Records from a data collection

- - -

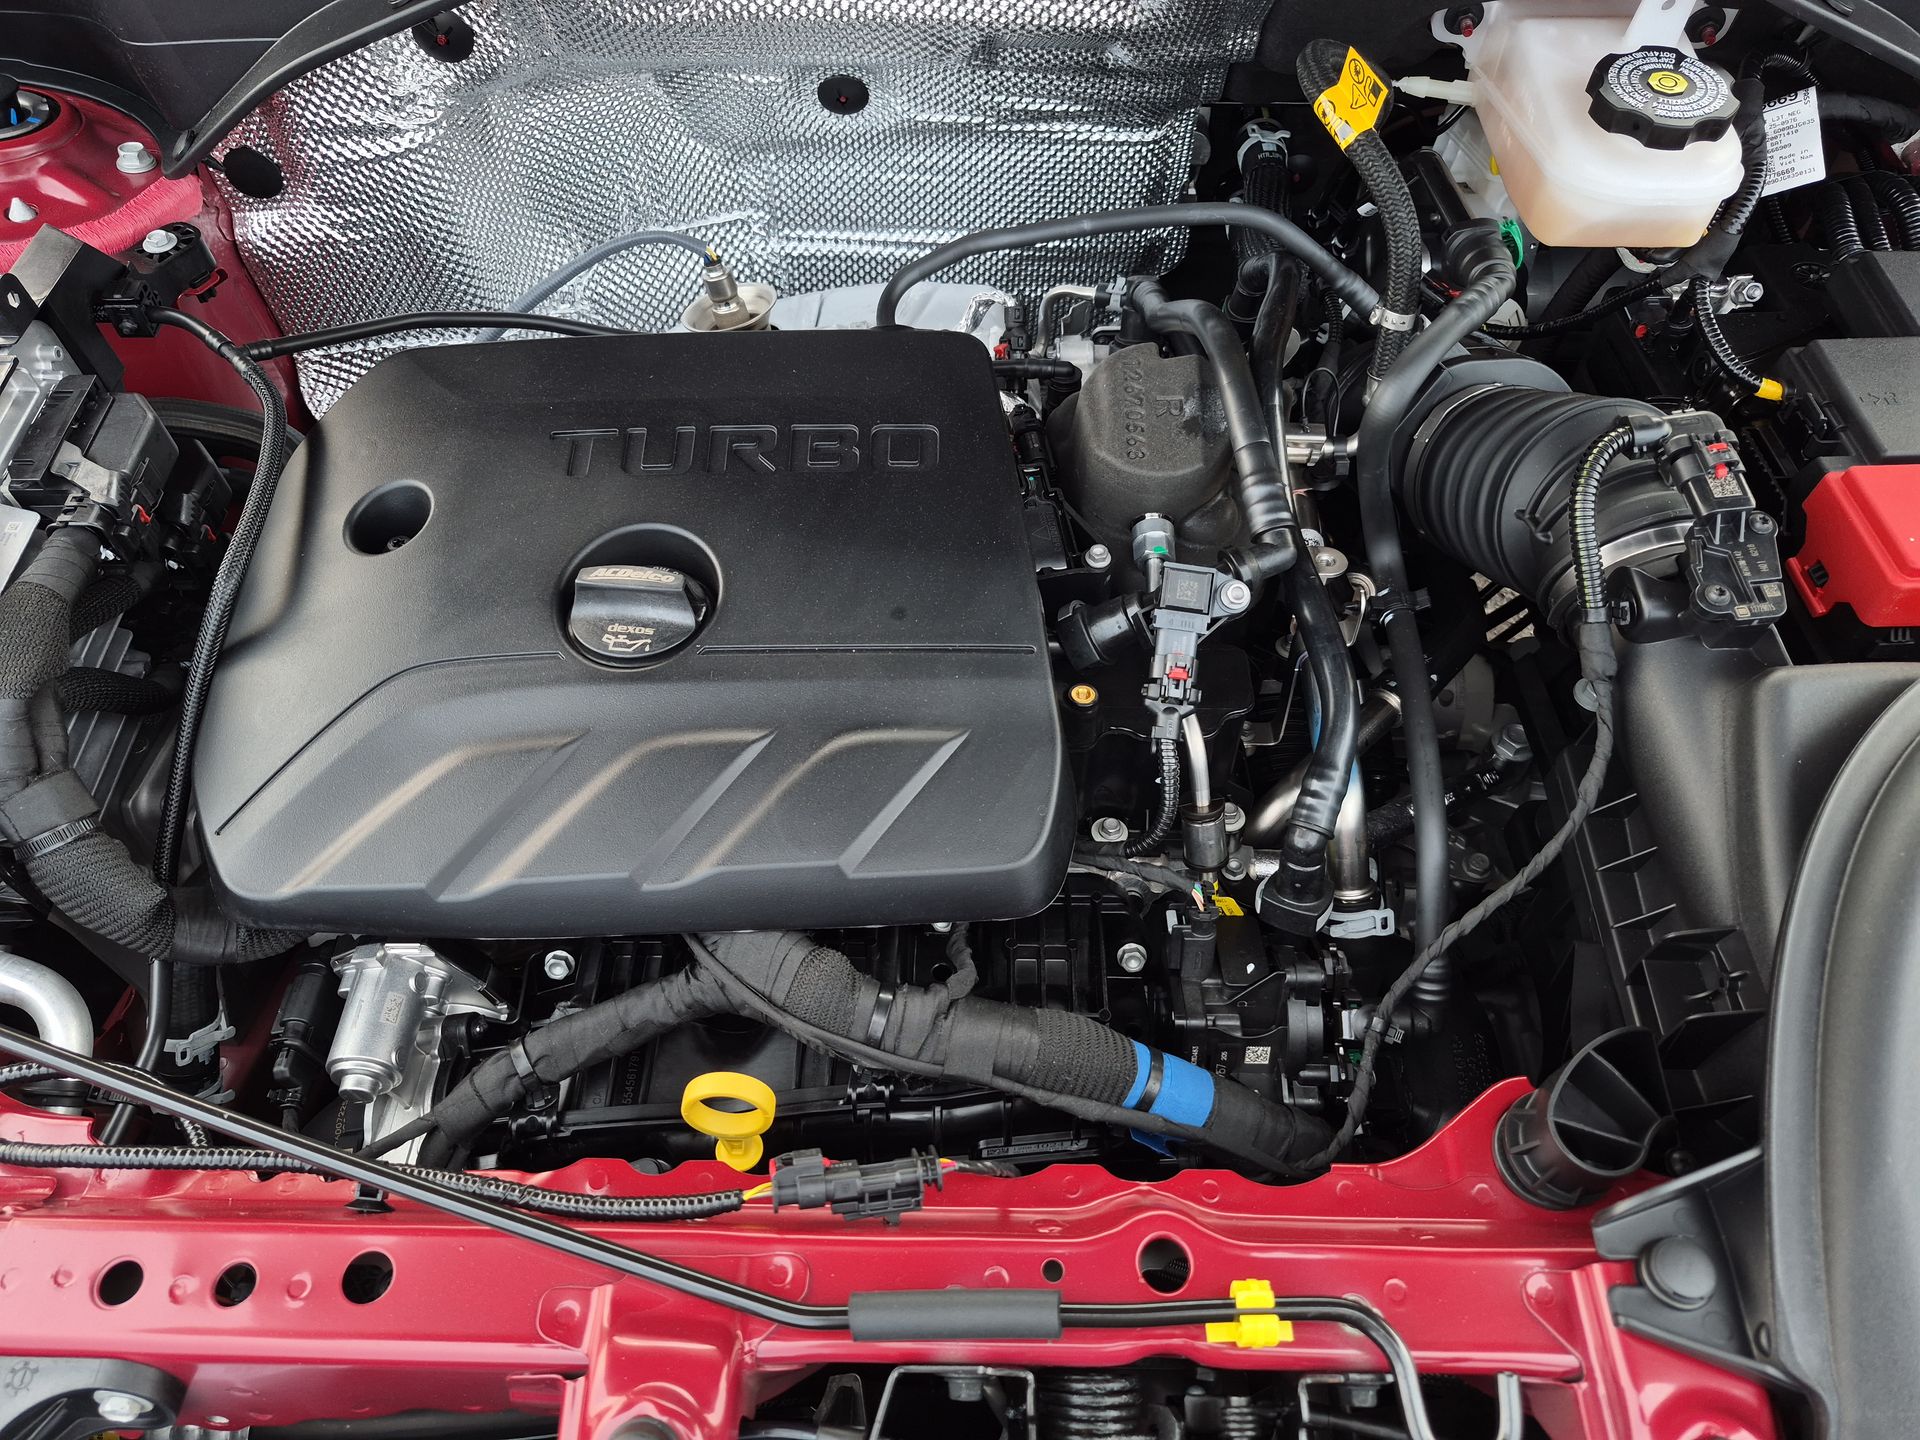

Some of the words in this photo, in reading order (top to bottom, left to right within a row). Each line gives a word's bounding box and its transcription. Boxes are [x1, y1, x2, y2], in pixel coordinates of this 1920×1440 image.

[1156, 395, 1184, 418] R
[550, 423, 940, 477] TURBO
[588, 567, 677, 583] ACDelco
[607, 623, 657, 636] dexos

- - -

▶ _Task_
For each entry above, write it out again exactly but leave out any picture.

▶ _Response to the task_
Some of the words in this photo, in reading order (top to bottom, left to right within a row). Each line gives a word's bounding box and its transcription. Boxes are [x1, y1, x2, y2], in pixel coordinates of this 1920×1440 image.

[1156, 395, 1184, 418] R
[550, 423, 940, 477] TURBO
[588, 567, 677, 583] ACDelco
[607, 623, 657, 636] dexos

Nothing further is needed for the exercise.